Motion Analysis and Tracking
The measurement of object or camera motion from video sequences is an important component in many applications. For example, in computer vision systems it enables the identification and tracking of the objects that make up a scene; while in video data compression it provides a means of reducing redundancy - knowing the motion of an object allows its position in successive frames to be predicted, removing the need to retransmit identical frame data and leading to a reduction in the bit rate required to transmit the video. Other applications include the generation of high resolution and panoramic images from video and the automated building of virtual reality environments.Recovering motion from video sequences is a complex task. Factors such as the ambiguity resulting from 3-D to 2-D projection, poor colour contrast, and low spatial-temporal resolution, mean that sophisticated techniques are required in order to obtain reliable motion information. We are working on a range of approaches to tackle such problems.
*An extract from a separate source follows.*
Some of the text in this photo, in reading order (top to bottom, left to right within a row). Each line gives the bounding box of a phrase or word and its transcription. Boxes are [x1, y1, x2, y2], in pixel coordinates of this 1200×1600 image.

These include:
- the use of affine models to estimate and track complex 2-D motions, such as rotation, dilation and shear.
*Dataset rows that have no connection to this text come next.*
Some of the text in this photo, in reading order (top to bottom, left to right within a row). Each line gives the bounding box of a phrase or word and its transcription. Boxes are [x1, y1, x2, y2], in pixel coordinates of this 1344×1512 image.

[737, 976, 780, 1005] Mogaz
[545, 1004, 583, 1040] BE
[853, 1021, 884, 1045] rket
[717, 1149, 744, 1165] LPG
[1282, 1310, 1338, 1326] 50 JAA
- techniques to deal with multiple component motion regions, such as those encountered at boundaries or within transparent objects.
The techniques being developed are suitable for any application involving motion estimation, although our primary concern is with their use in video data compression. This work aims to enhance existing approaches and to form the basis of the next generation of compression algorithms, particularly those employing object and model-based techniques.